OVERLAND PARK, Kansas — Each fall, as temperatures drop, people in this suburb can count on head-turning displays of richly hued maple leaves.
But maples make up about one-third of the city’s street trees, and Overland Park has learned the hard way that too much of a good thing can mean fragility.
So last year, the city put the kibosh on planting more maples.
The emerald ash borer — a tiny, shiny green hitchhiker from Asia with a voracious appetite for a different beloved street tree — taught this city and others across Kansas and Missouri a painful lesson.
Now some communities are hedging their arboreal bets and protecting local home values and tax bases by embracing variety.
Streets with mature trees command higher home prices, temper the dog days of summer, and draw more people outdoors for fresh air, walks and chats with neighbors.
“It is likely the emerald ash borer will kill all of Overland Park’s ash trees,” city spokeswoman Meg Ralph said in an email. “The more variety we have in our tree canopy, the more resilient it will be when the next invasive species or tree disease comes to our community.”
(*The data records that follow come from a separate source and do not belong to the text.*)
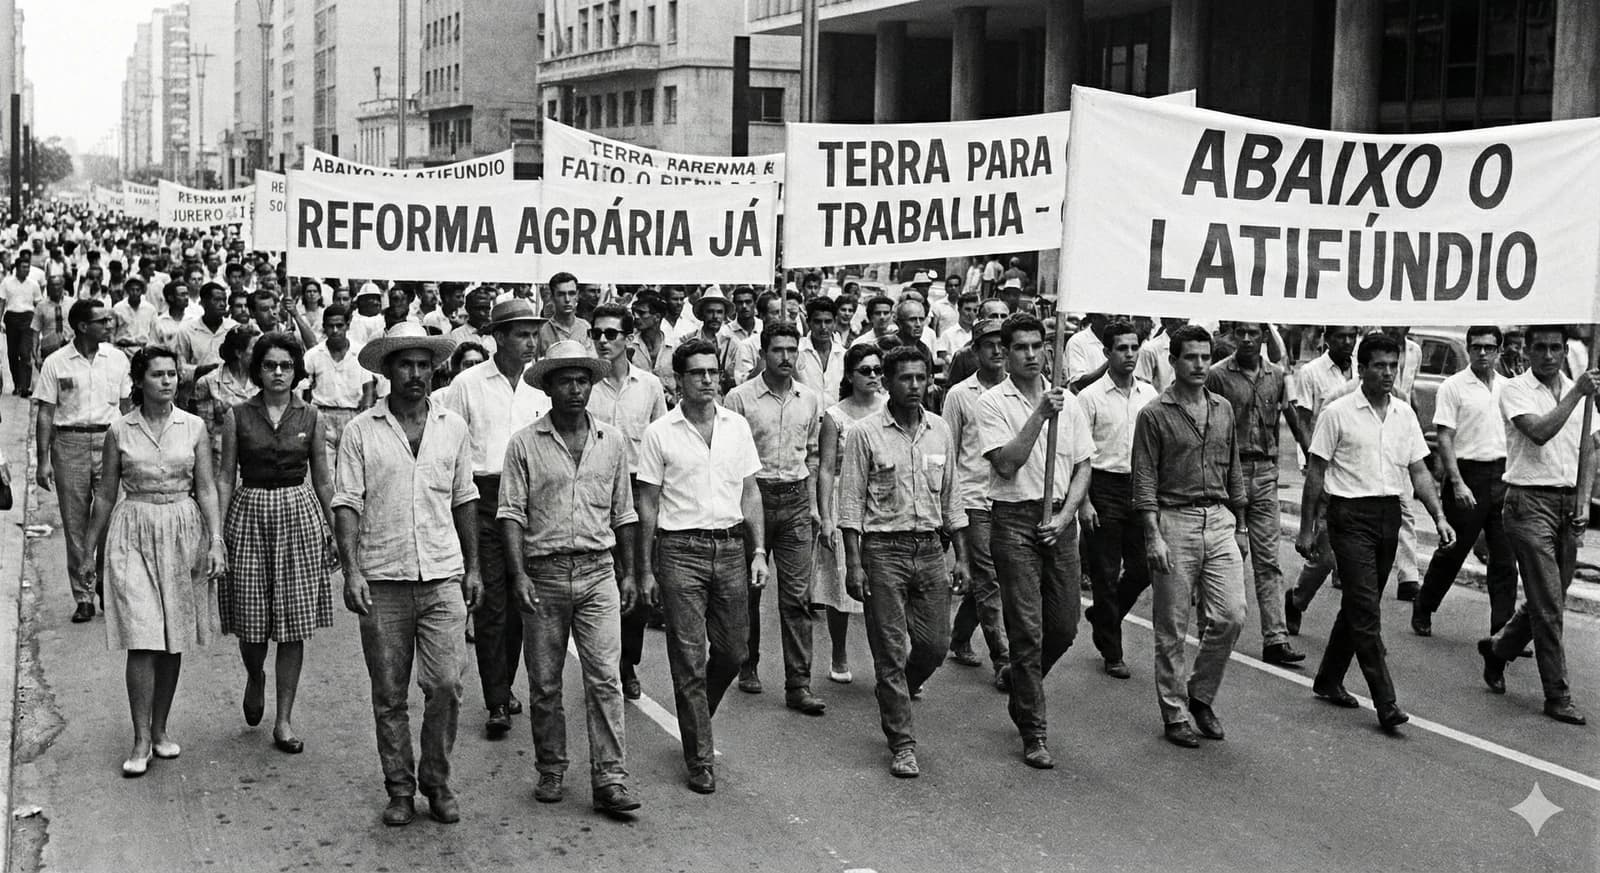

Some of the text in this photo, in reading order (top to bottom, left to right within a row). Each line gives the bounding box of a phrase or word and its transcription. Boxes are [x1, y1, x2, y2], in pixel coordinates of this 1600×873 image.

[272, 181, 286, 193] RE
[403, 159, 505, 179] TIFUNDIO
[818, 136, 1052, 187] TERRA PARA
[1182, 128, 1513, 210] ABAIXO O
[298, 195, 762, 257] REFORMA AGRÁRIA JÁ
[817, 191, 1024, 247] TRABALHA
[1147, 212, 1538, 301] LATIFÚNDIO
Ash made up about a fourth of the city’s street tree canopy when the insect arrived a decade ago.
In a thoroughly globalized world, the city has no guarantee that a bug with a taste for maple syrup won’t turn up next.
So last fall, its forester dropped maples from the list of trees that people can plant along residential and commercial streets in the public right-of-ways — such as that strip of turf between street and sidewalk.
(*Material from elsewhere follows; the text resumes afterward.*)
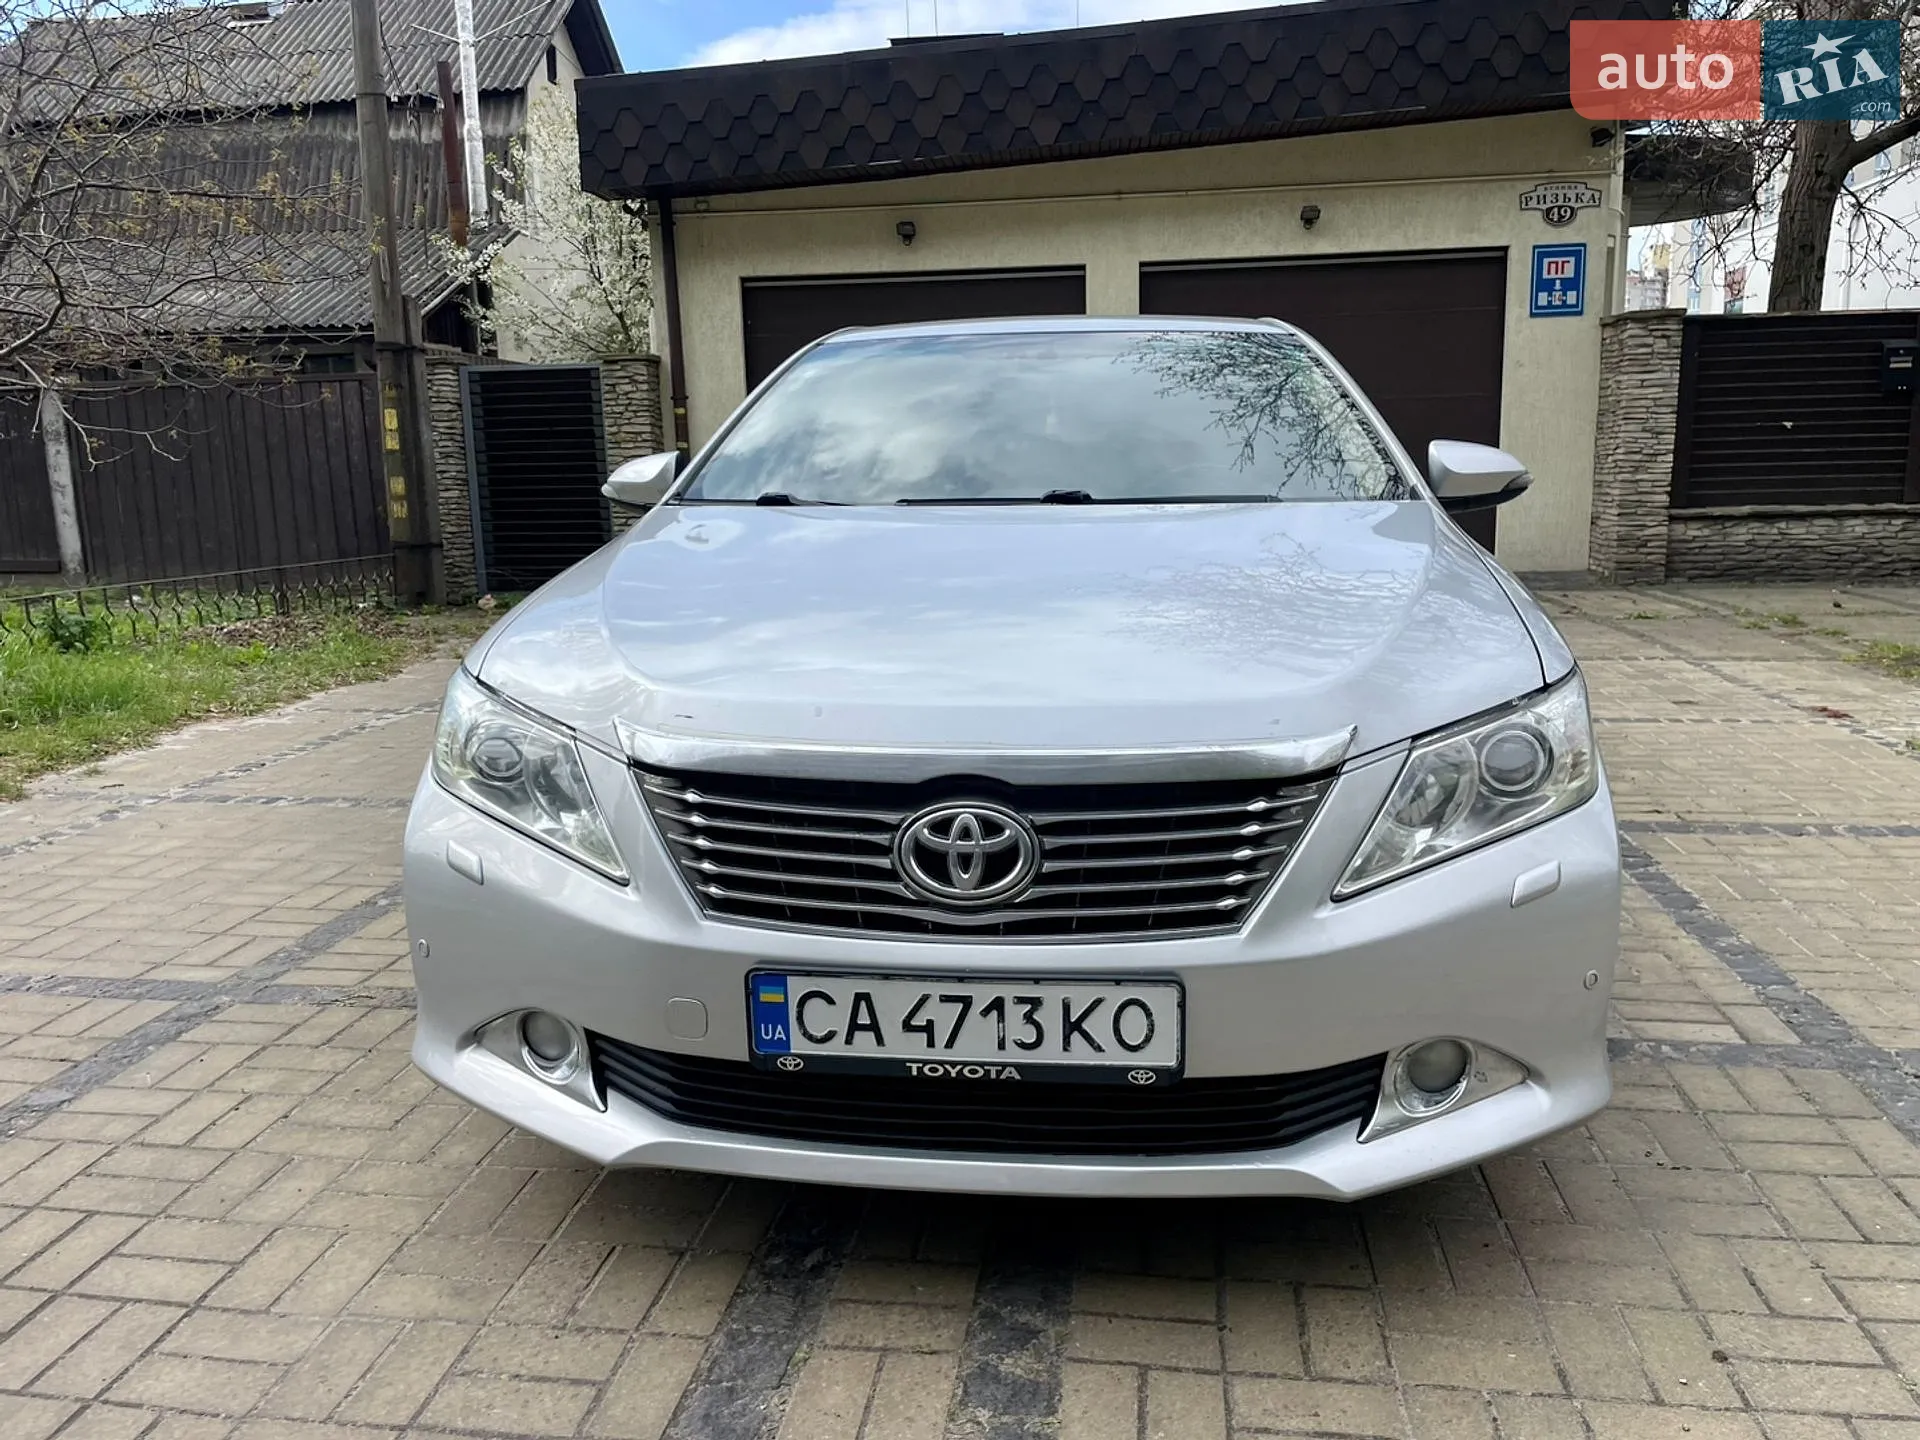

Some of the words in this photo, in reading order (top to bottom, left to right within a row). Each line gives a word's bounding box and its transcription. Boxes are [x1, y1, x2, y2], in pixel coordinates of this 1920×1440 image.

For now, Overland Park won’t add more maples to any city property. It will steer developers away from those trees, too. Builders need city forester approval for their landscape plans.
“We are working with developers to ensure maples are not planted in new private development,” Ralph said.
The price of replacing 1,700 ash trees
The Winterset area of Lee’s Summit, Missouri, illustrates the stakes.
Ash trees are celebrated for their purple, red and yellow fall foliage. So streets lined with hundreds of the tall, graceful trees seemed a dream when the developers of Winterset broke ground in 1990 — before emerald ash borers turned up in Michigan.
“That ended up being a major mistake,” developer David Gale recalled, “because we did a monoculture.”
More than a decade later, Gale heard about the invasive beetles eating their way across U.S. cities and forests, decimating trees. Neighborhood leaders tracked the situation.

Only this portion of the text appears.